Yucca, as far as I can determine, was really about income redistribution. You know, the kind that rich people don't mind at all, where the monies end up in their pockets. How else can you explain so much money wasted on something that was known by any rationally informed human from the get-go to be nothing more than wishful thinking?

Consider 250,000 years ago, humans, depending upon whom you talk to, were just becoming anatomically modern, and were probably already possessed of the majority of what we consider modern mental faculties. They had domesticated fire, had good facility with stone, wood, bone, leather, and rope technologies. They certainly were working on symbolic thought. I don't think any objective evaluator would have a doubt that these bipedal primates would inevitably split the atom.

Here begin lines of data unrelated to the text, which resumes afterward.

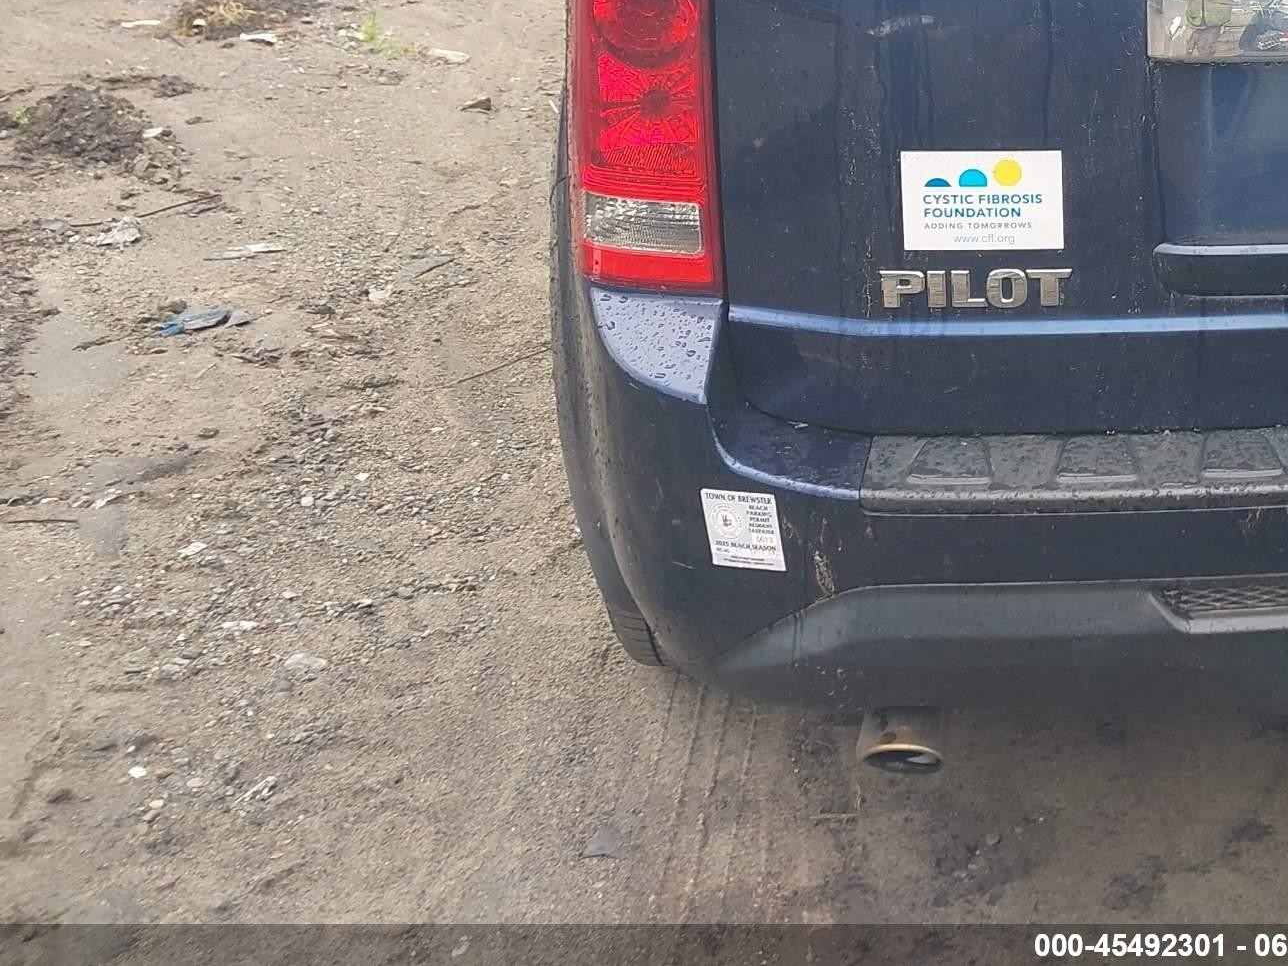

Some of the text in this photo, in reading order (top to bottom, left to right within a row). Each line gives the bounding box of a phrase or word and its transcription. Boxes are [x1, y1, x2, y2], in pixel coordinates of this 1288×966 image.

[923, 193, 1043, 205] CYSTIC FIBROSIS
[924, 207, 1021, 218] FOUNDATION
[924, 221, 1032, 230] ADDING TOMORROWS
[953, 234, 1016, 245] www.cff.org
[879, 268, 1073, 309] PILOT
[705, 492, 772, 504] TOWN OF BREWSTER

(Seriously, nuclear fission reactors appeared soon after an oxygenating atmosphere allowed for uranium salts to be accumulated in water percolating through the right kinds of rock, so it's not a stretch to think that a combination of the same ores, charcoal, water, and monkeys would produce the same criticality through informed empiricism, or even brute force trial and error).

Question is, what about 250,000 years into the future? Any ideas? I can think of one. We are extinct. The rate we are going? With the capitalist free market system devouring everything in sight? With, not just an acceleration, but the next derivative up, a shock taking place throughout all areas of human habitation, I'm guessing we don't make it with the current trend.

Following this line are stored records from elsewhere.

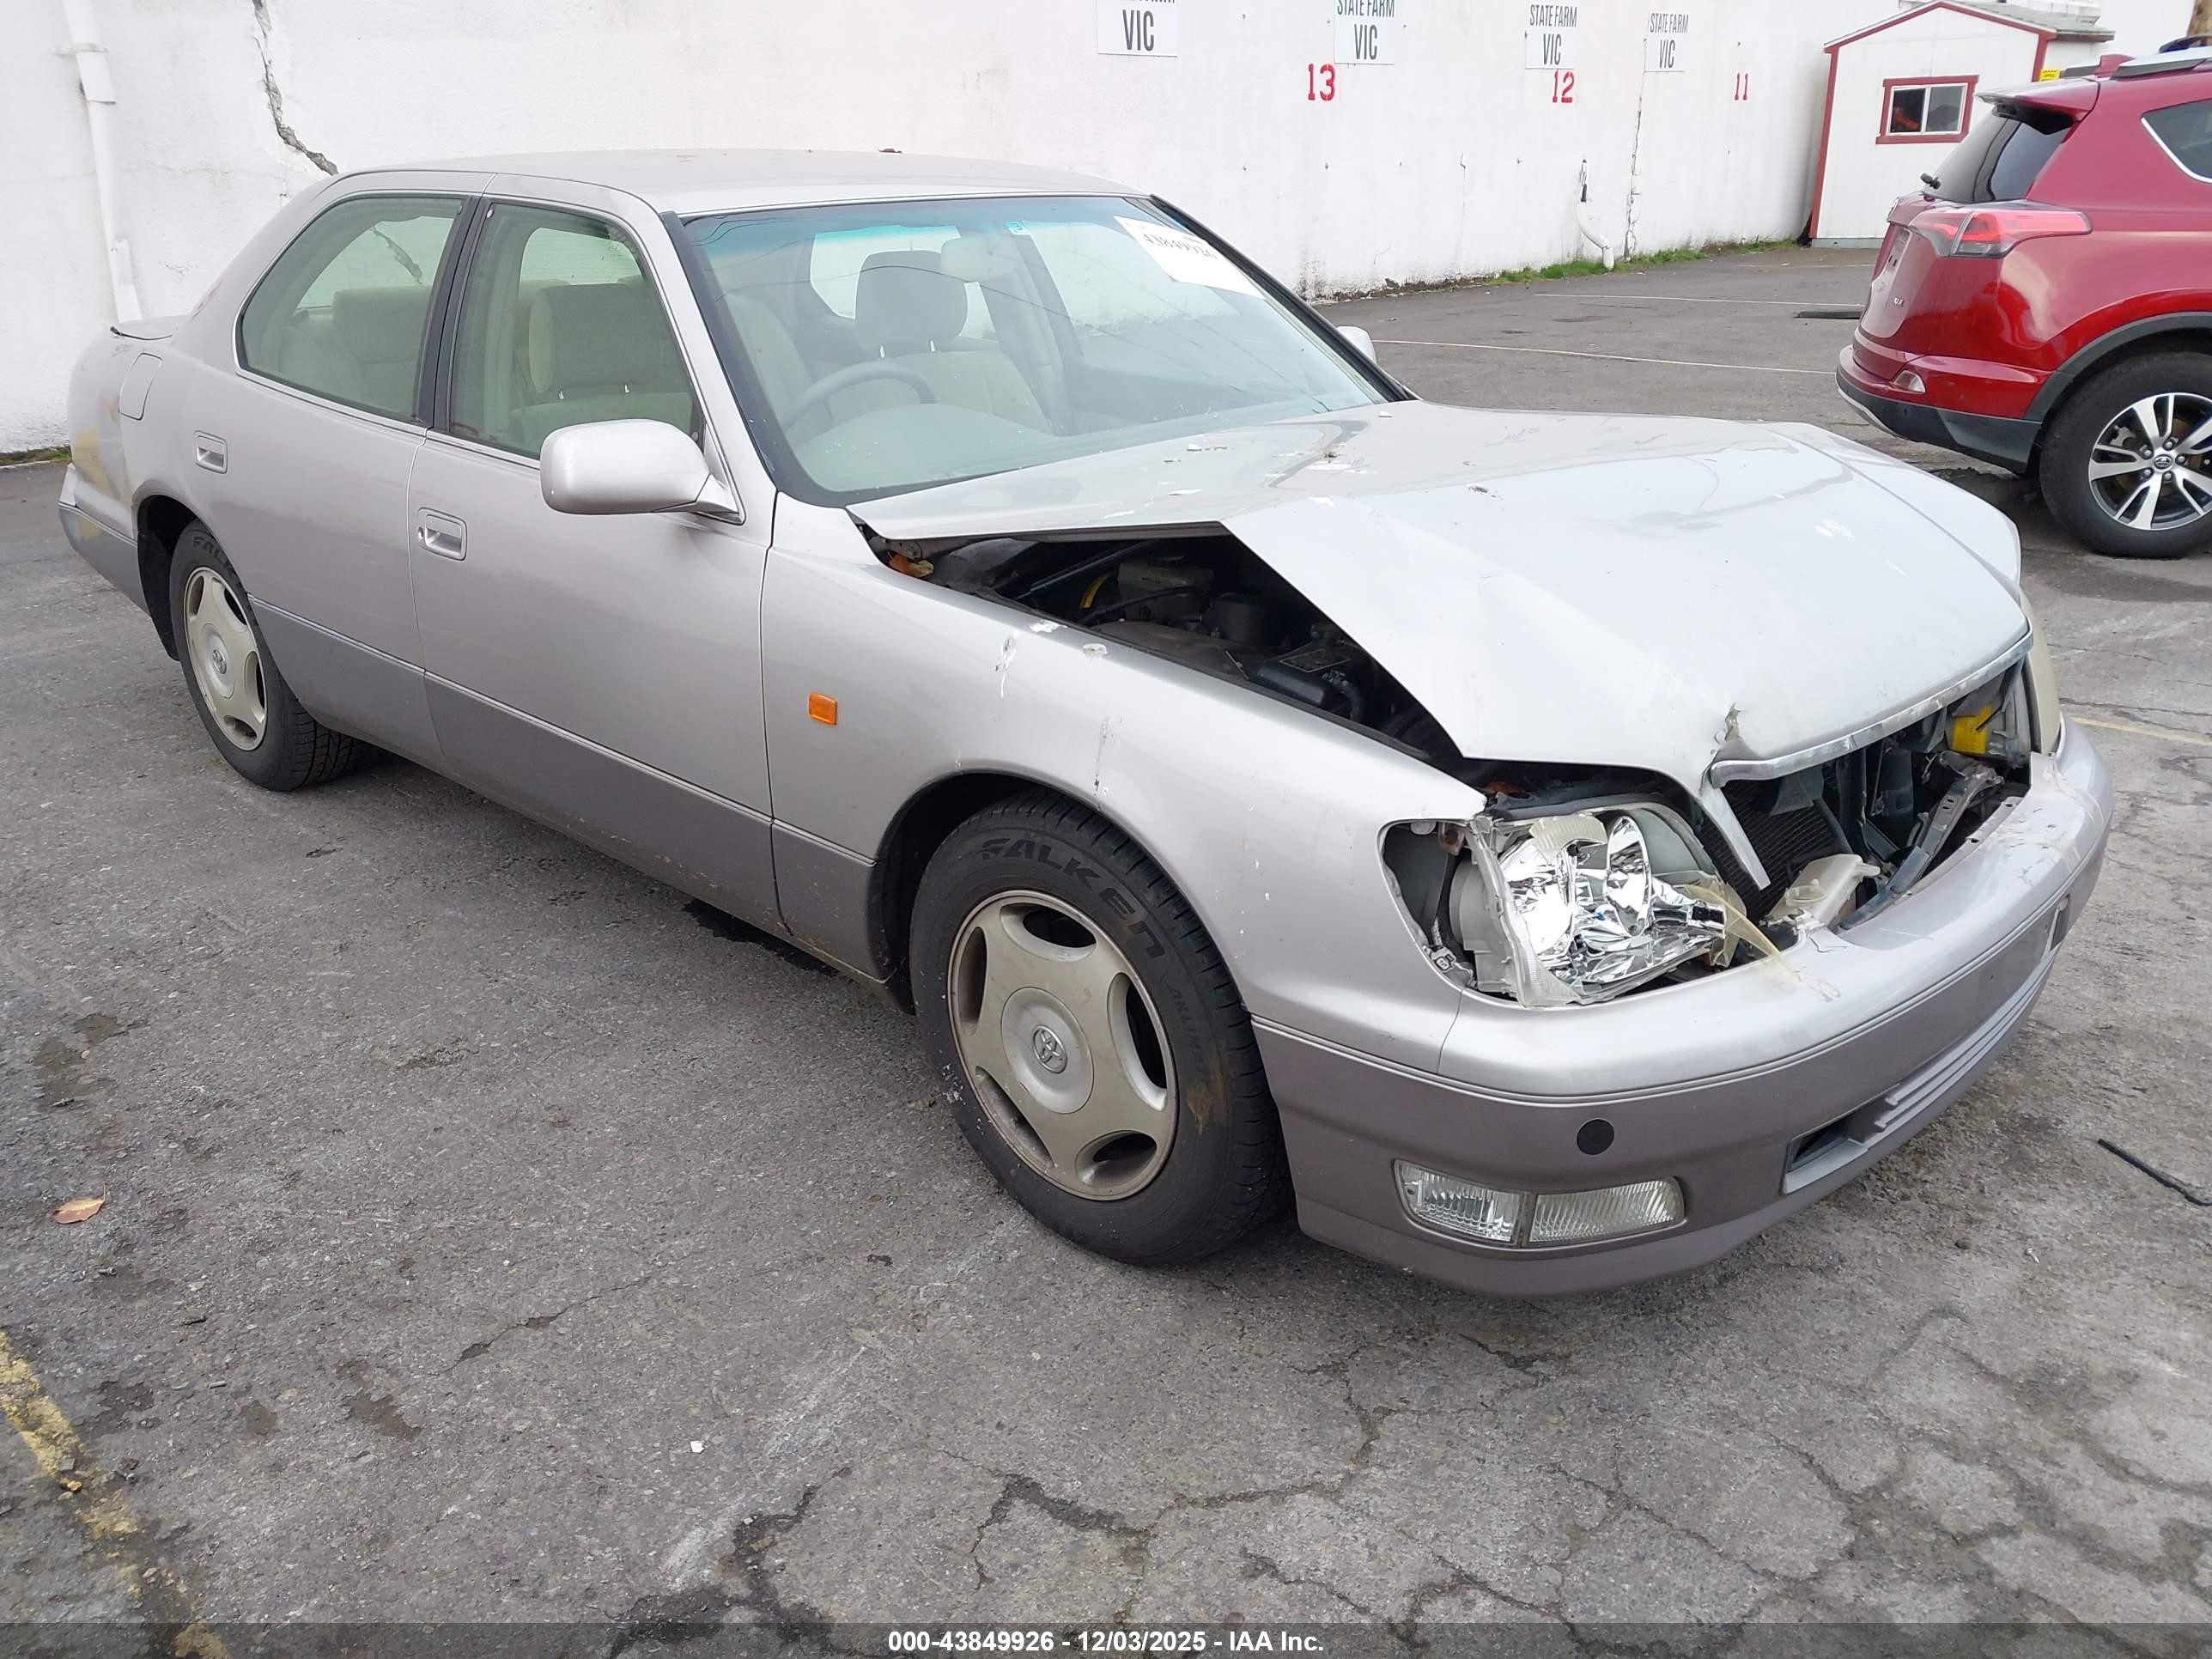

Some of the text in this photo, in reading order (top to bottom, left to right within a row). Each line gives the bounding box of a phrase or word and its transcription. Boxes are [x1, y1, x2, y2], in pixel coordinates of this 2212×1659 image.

[1121, 9, 1155, 52] VIC
[1529, 3, 1577, 28] STATE FARM
[1650, 12, 1689, 33] STATE FARM
[1353, 23, 1378, 60] VIC
[1542, 33, 1562, 65] VIC
[1659, 39, 1676, 69] VIC
[1308, 64, 1336, 101] 13
[1552, 70, 1575, 103] 12
[1734, 72, 1749, 100] 11

I'm guessing D'agata is feeling the same way, which is why he treats Yucca as kind of a silly waste of time. At least that's the impression I got.

When you consider that there are already several million tons of radionuclides circulating through Earth's natural systems due to the past near 80 years of dumbfuckery, an estimated 77,000 tons of high level nuclear waste doesn't seem all that important, especially when we won't be around to worry about it?

In summary, a fun book to read, and I enjoyed it.